Entries provided:
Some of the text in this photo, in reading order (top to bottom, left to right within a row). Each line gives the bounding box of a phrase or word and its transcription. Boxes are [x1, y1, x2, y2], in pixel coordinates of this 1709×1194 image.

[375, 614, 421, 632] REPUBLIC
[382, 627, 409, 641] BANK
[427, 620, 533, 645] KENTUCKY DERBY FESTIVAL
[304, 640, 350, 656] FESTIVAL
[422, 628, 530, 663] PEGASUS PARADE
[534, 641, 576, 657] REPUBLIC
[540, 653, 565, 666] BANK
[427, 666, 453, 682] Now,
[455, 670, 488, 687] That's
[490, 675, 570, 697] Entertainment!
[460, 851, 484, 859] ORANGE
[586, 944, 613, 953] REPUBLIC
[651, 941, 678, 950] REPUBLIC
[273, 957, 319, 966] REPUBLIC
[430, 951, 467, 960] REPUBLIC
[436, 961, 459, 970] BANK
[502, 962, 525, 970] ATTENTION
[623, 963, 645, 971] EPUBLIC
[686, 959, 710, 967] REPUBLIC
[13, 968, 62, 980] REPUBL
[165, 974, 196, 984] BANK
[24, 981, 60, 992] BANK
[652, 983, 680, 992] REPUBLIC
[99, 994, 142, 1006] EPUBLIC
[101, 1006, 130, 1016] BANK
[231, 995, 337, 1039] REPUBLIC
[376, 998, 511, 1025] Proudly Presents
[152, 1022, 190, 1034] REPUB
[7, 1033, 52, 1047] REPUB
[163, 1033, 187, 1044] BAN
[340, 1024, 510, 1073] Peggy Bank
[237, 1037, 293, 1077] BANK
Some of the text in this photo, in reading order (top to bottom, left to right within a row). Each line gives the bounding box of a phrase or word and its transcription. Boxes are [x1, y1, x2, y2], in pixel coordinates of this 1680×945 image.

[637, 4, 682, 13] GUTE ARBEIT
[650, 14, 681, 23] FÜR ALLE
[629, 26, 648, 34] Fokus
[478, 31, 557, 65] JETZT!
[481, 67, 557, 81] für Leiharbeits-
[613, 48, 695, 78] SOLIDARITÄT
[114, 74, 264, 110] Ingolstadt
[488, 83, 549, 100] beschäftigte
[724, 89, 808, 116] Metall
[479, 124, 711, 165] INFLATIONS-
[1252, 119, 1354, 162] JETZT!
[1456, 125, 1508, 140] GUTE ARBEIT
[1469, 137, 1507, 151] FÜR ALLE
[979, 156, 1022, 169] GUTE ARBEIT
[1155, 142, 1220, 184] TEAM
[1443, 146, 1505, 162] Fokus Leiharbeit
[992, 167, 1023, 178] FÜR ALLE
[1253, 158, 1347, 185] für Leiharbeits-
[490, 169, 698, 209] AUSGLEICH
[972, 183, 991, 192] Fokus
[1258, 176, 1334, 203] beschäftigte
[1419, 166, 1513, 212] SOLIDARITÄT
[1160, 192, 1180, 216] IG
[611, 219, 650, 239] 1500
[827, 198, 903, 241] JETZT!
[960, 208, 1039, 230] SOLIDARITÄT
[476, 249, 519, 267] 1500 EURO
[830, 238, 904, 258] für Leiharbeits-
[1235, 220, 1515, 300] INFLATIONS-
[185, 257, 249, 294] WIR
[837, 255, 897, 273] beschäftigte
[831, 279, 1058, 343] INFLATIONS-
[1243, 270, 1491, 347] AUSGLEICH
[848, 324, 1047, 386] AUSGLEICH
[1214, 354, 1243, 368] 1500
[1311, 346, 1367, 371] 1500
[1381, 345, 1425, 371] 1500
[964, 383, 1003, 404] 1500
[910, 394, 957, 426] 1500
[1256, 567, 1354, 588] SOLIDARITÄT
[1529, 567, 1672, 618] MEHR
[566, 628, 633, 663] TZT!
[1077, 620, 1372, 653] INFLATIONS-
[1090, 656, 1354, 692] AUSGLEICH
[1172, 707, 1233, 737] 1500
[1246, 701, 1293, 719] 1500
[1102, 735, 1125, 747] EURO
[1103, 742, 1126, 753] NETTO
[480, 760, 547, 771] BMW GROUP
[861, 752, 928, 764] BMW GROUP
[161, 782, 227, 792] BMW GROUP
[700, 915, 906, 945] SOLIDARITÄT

Instructions to follow:
Using the entries above, print each one again without any alteration.

Response to the exercise:
Some of the text in this photo, in reading order (top to bottom, left to right within a row). Each line gives the bounding box of a phrase or word and its transcription. Boxes are [x1, y1, x2, y2], in pixel coordinates of this 1709×1194 image.

[375, 614, 421, 632] REPUBLIC
[382, 627, 409, 641] BANK
[427, 620, 533, 645] KENTUCKY DERBY FESTIVAL
[304, 640, 350, 656] FESTIVAL
[422, 628, 530, 663] PEGASUS PARADE
[534, 641, 576, 657] REPUBLIC
[540, 653, 565, 666] BANK
[427, 666, 453, 682] Now,
[455, 670, 488, 687] That's
[490, 675, 570, 697] Entertainment!
[460, 851, 484, 859] ORANGE
[586, 944, 613, 953] REPUBLIC
[651, 941, 678, 950] REPUBLIC
[273, 957, 319, 966] REPUBLIC
[430, 951, 467, 960] REPUBLIC
[436, 961, 459, 970] BANK
[502, 962, 525, 970] ATTENTION
[623, 963, 645, 971] EPUBLIC
[686, 959, 710, 967] REPUBLIC
[13, 968, 62, 980] REPUBL
[165, 974, 196, 984] BANK
[24, 981, 60, 992] BANK
[652, 983, 680, 992] REPUBLIC
[99, 994, 142, 1006] EPUBLIC
[101, 1006, 130, 1016] BANK
[231, 995, 337, 1039] REPUBLIC
[376, 998, 511, 1025] Proudly Presents
[152, 1022, 190, 1034] REPUB
[7, 1033, 52, 1047] REPUB
[163, 1033, 187, 1044] BAN
[340, 1024, 510, 1073] Peggy Bank
[237, 1037, 293, 1077] BANK
Some of the text in this photo, in reading order (top to bottom, left to right within a row). Each line gives the bounding box of a phrase or word and its transcription. Boxes are [x1, y1, x2, y2], in pixel coordinates of this 1680×945 image.

[637, 4, 682, 13] GUTE ARBEIT
[650, 14, 681, 23] FÜR ALLE
[629, 26, 648, 34] Fokus
[478, 31, 557, 65] JETZT!
[481, 67, 557, 81] für Leiharbeits-
[613, 48, 695, 78] SOLIDARITÄT
[114, 74, 264, 110] Ingolstadt
[488, 83, 549, 100] beschäftigte
[724, 89, 808, 116] Metall
[479, 124, 711, 165] INFLATIONS-
[1252, 119, 1354, 162] JETZT!
[1456, 125, 1508, 140] GUTE ARBEIT
[1469, 137, 1507, 151] FÜR ALLE
[979, 156, 1022, 169] GUTE ARBEIT
[1155, 142, 1220, 184] TEAM
[1443, 146, 1505, 162] Fokus Leiharbeit
[992, 167, 1023, 178] FÜR ALLE
[1253, 158, 1347, 185] für Leiharbeits-
[490, 169, 698, 209] AUSGLEICH
[972, 183, 991, 192] Fokus
[1258, 176, 1334, 203] beschäftigte
[1419, 166, 1513, 212] SOLIDARITÄT
[1160, 192, 1180, 216] IG
[611, 219, 650, 239] 1500
[827, 198, 903, 241] JETZT!
[960, 208, 1039, 230] SOLIDARITÄT
[476, 249, 519, 267] 1500 EURO
[830, 238, 904, 258] für Leiharbeits-
[1235, 220, 1515, 300] INFLATIONS-
[185, 257, 249, 294] WIR
[837, 255, 897, 273] beschäftigte
[831, 279, 1058, 343] INFLATIONS-
[1243, 270, 1491, 347] AUSGLEICH
[848, 324, 1047, 386] AUSGLEICH
[1214, 354, 1243, 368] 1500
[1311, 346, 1367, 371] 1500
[1381, 345, 1425, 371] 1500
[964, 383, 1003, 404] 1500
[910, 394, 957, 426] 1500
[1256, 567, 1354, 588] SOLIDARITÄT
[1529, 567, 1672, 618] MEHR
[566, 628, 633, 663] TZT!
[1077, 620, 1372, 653] INFLATIONS-
[1090, 656, 1354, 692] AUSGLEICH
[1172, 707, 1233, 737] 1500
[1246, 701, 1293, 719] 1500
[1102, 735, 1125, 747] EURO
[1103, 742, 1126, 753] NETTO
[480, 760, 547, 771] BMW GROUP
[861, 752, 928, 764] BMW GROUP
[161, 782, 227, 792] BMW GROUP
[700, 915, 906, 945] SOLIDARITÄT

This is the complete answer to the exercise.